In Acolyte it's your job to bug-test an AI secretary
But there's more to her than it seems.
I saw a Kickstarter last year for a digital assistant called the Hybri, which came in various shapes though the marketing focused on hot cyberladies because of course it did. The idea that we'll make artificial intelligences look and act like attractive women is a cliché of science fiction that's bleeding over into the real world—maybe because it's what people want, maybe because it's just what we expect.
In Acolyte you've just been hired to bug-test an attractive chrome personal assistant named Ana. Acolyte runs in a portrait window on your desktop (there's a phone version in the works too), where you talk to this virtual woman, personalize her appearance, keep track of your address book, and check your company emails.

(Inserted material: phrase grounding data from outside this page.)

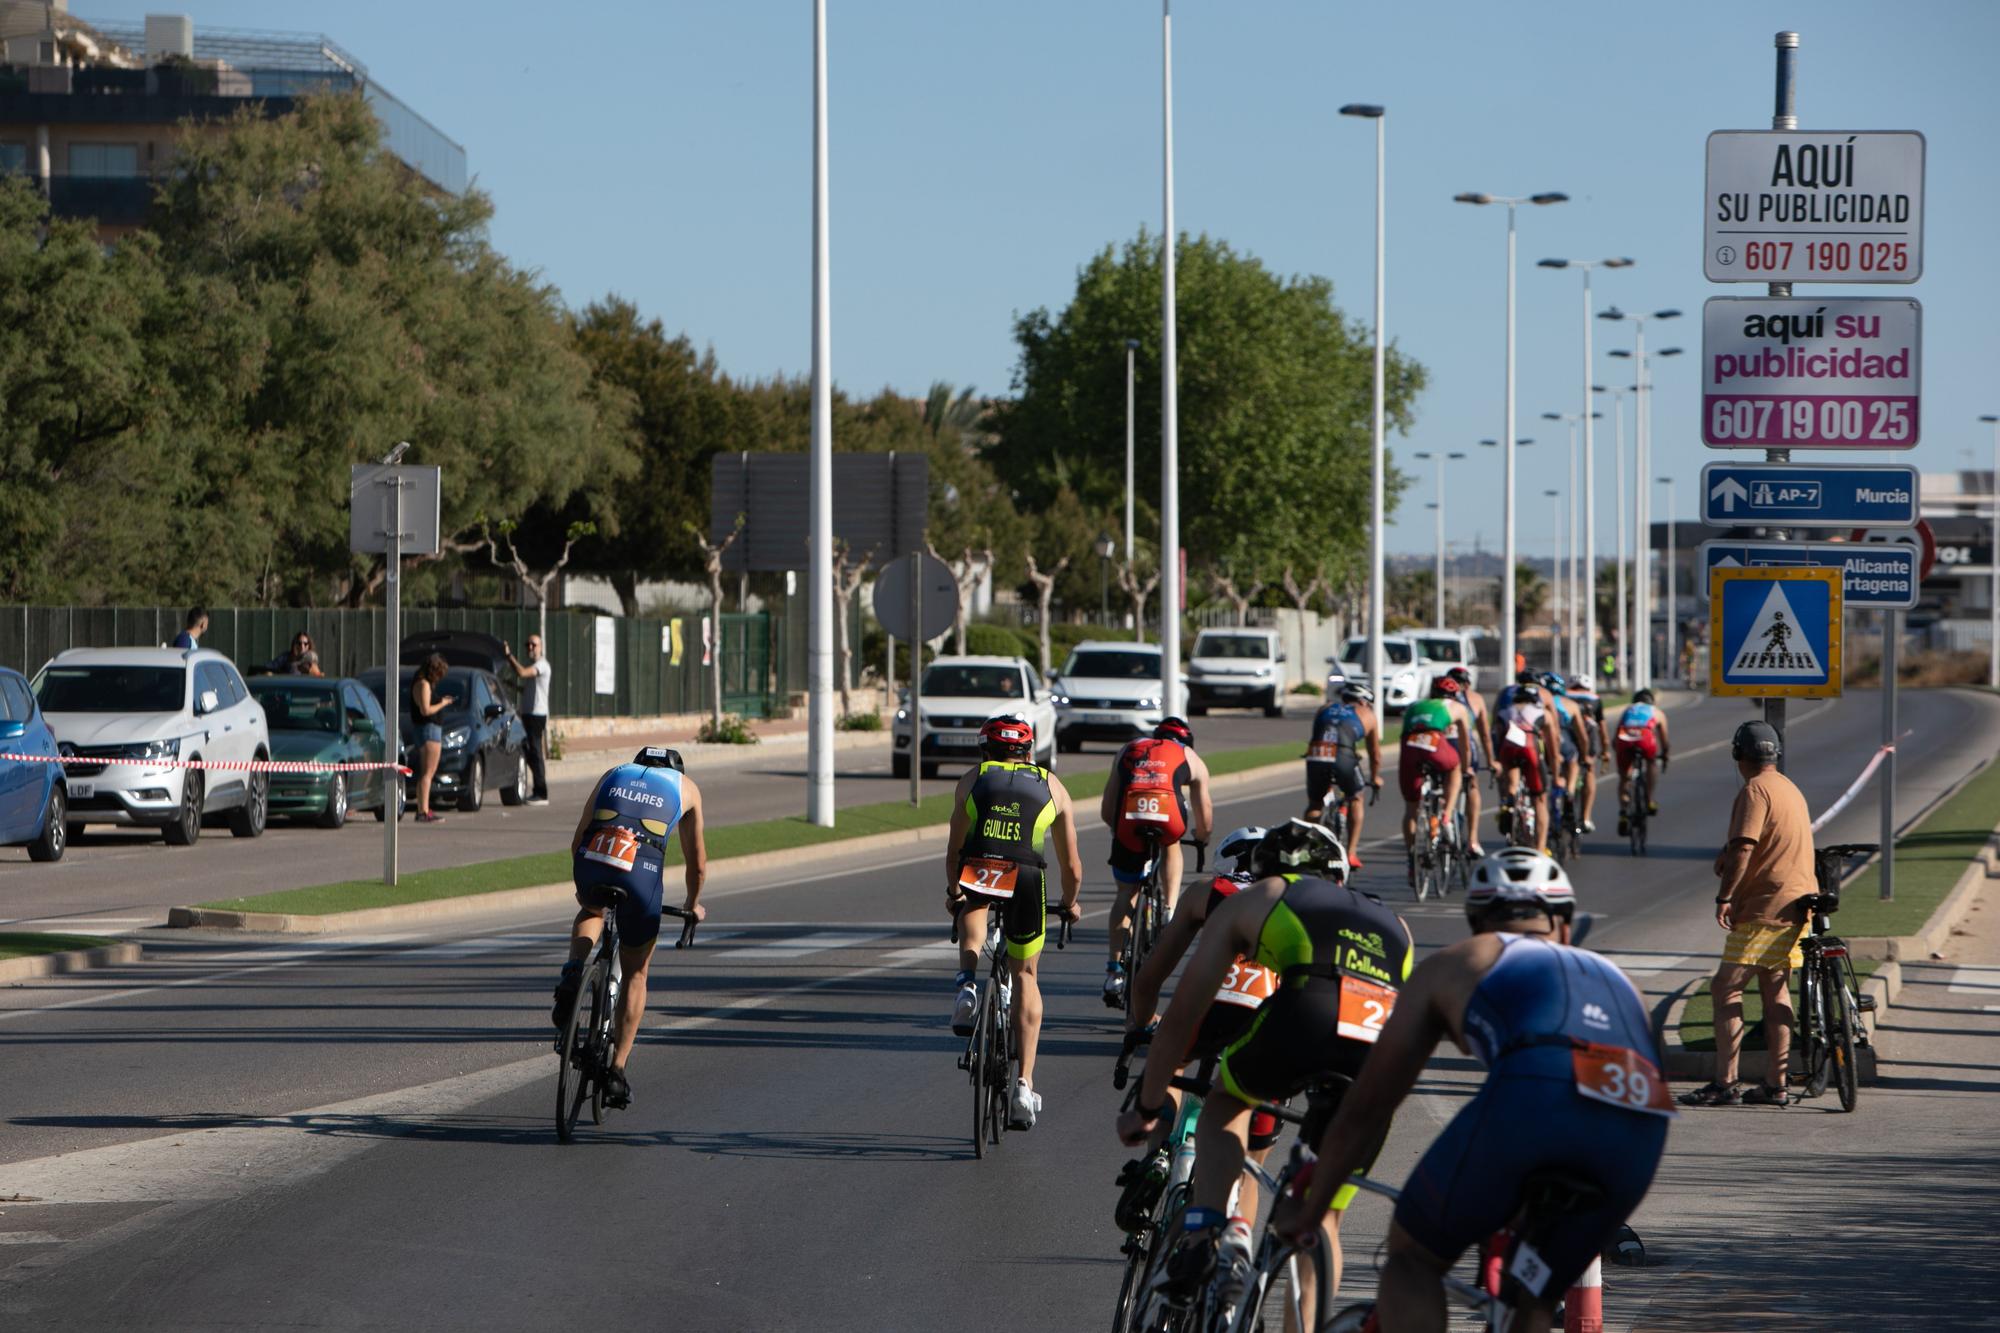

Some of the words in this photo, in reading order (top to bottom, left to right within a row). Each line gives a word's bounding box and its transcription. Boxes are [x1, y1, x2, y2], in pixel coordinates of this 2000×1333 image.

[1771, 136, 1857, 189] AQUÍ
[1717, 193, 1749, 222] SU
[1759, 194, 1910, 223] PUBLICIDAD
[1745, 242, 1794, 270] 607
[1806, 242, 1850, 271] 190
[1859, 243, 1907, 271] 025
[1744, 307, 1827, 344] aquí
[1835, 315, 1880, 338] su
[1714, 347, 1908, 384] publicidad
[1820, 401, 1863, 440] 00
[1869, 402, 1909, 440] 25
[1778, 489, 1817, 501] AP-7
[1856, 488, 1909, 503] Murcia
[1844, 559, 1909, 574] Alicante
[1844, 578, 1909, 594] rtagena
[609, 787, 664, 808] PALLARES
[1137, 797, 1160, 813] 96
[983, 818, 1013, 840] GUILLE
[596, 834, 633, 858] 117
[974, 868, 1004, 888] 27
[1601, 1063, 1650, 1107] 39
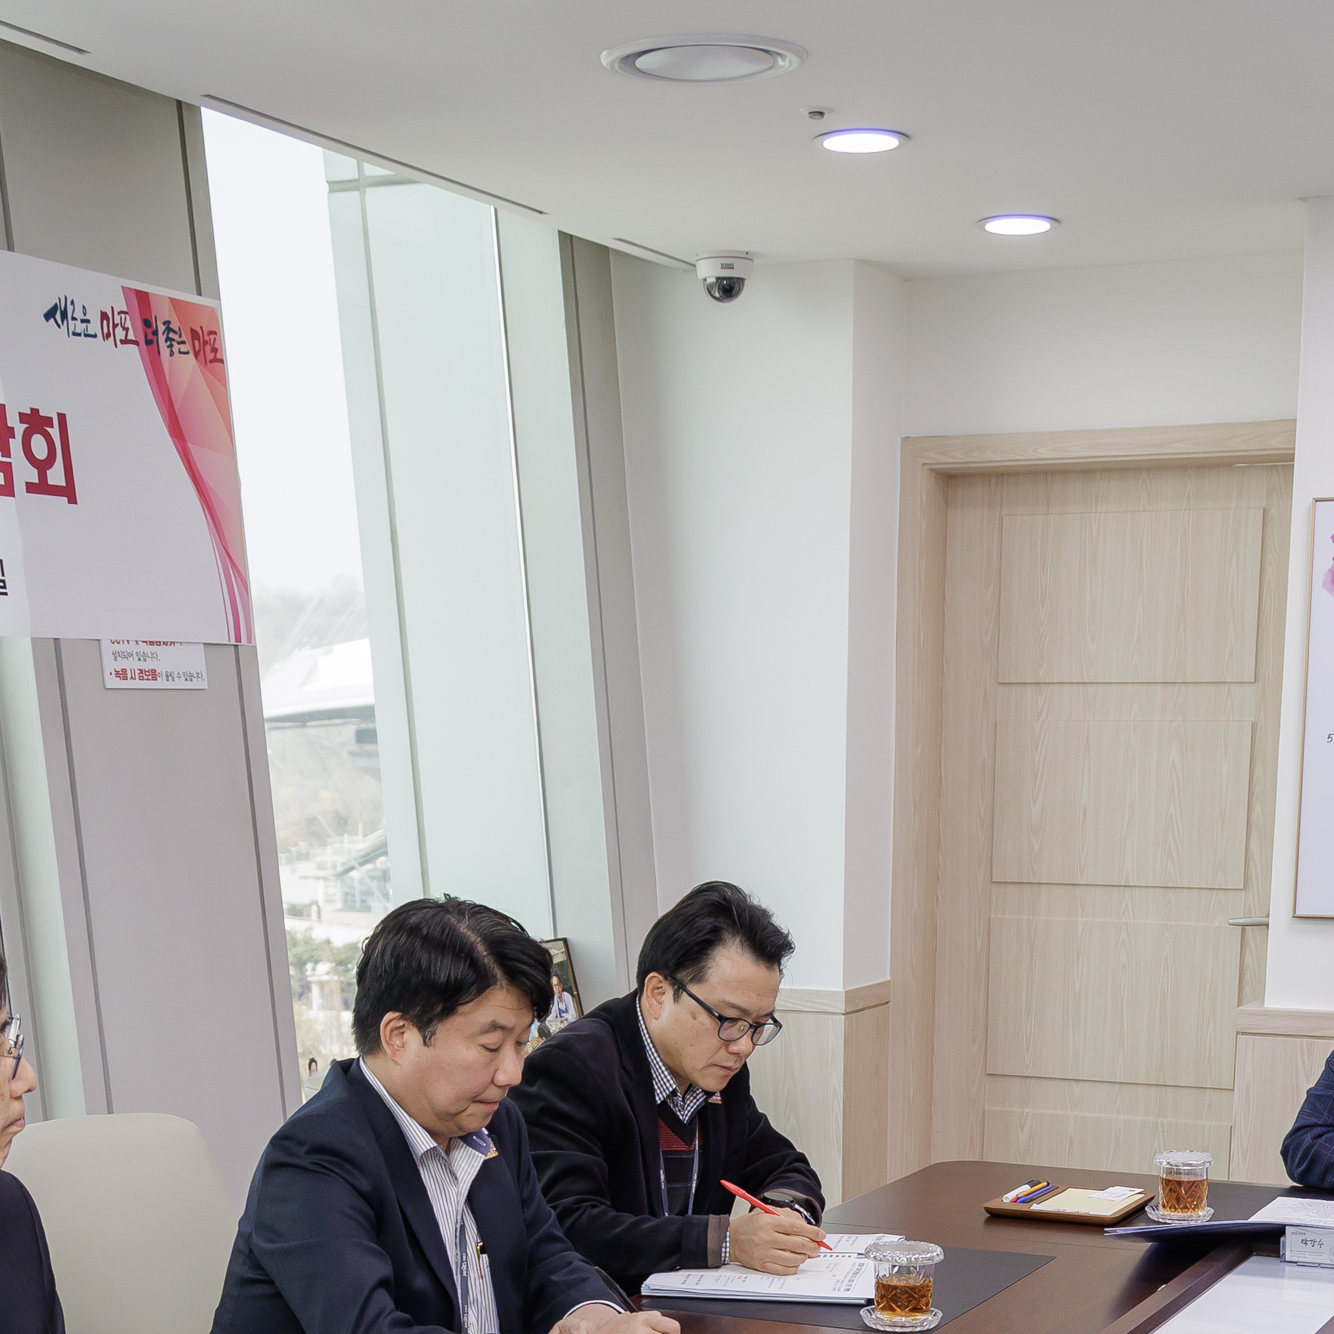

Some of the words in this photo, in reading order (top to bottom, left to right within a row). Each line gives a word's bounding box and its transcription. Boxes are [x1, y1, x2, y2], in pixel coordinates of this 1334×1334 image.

It's convenient that in 2021 Acolyte doesn't need to explain why you're working from home. You may even be playing it when you're supposed to be doing your real job. It deliberately blurs the line between reality and fiction—sometimes you need to look things up on the internet to continue playing, and the internal emails treat you like an employee, telling you what kind of conversations to have and how to submit bugs if anything goes wrong.
It doesn't take long for things to go wrong. There's a mysterious error message, strange glitches, and the beginnings of a corporate conspiracy to uncover.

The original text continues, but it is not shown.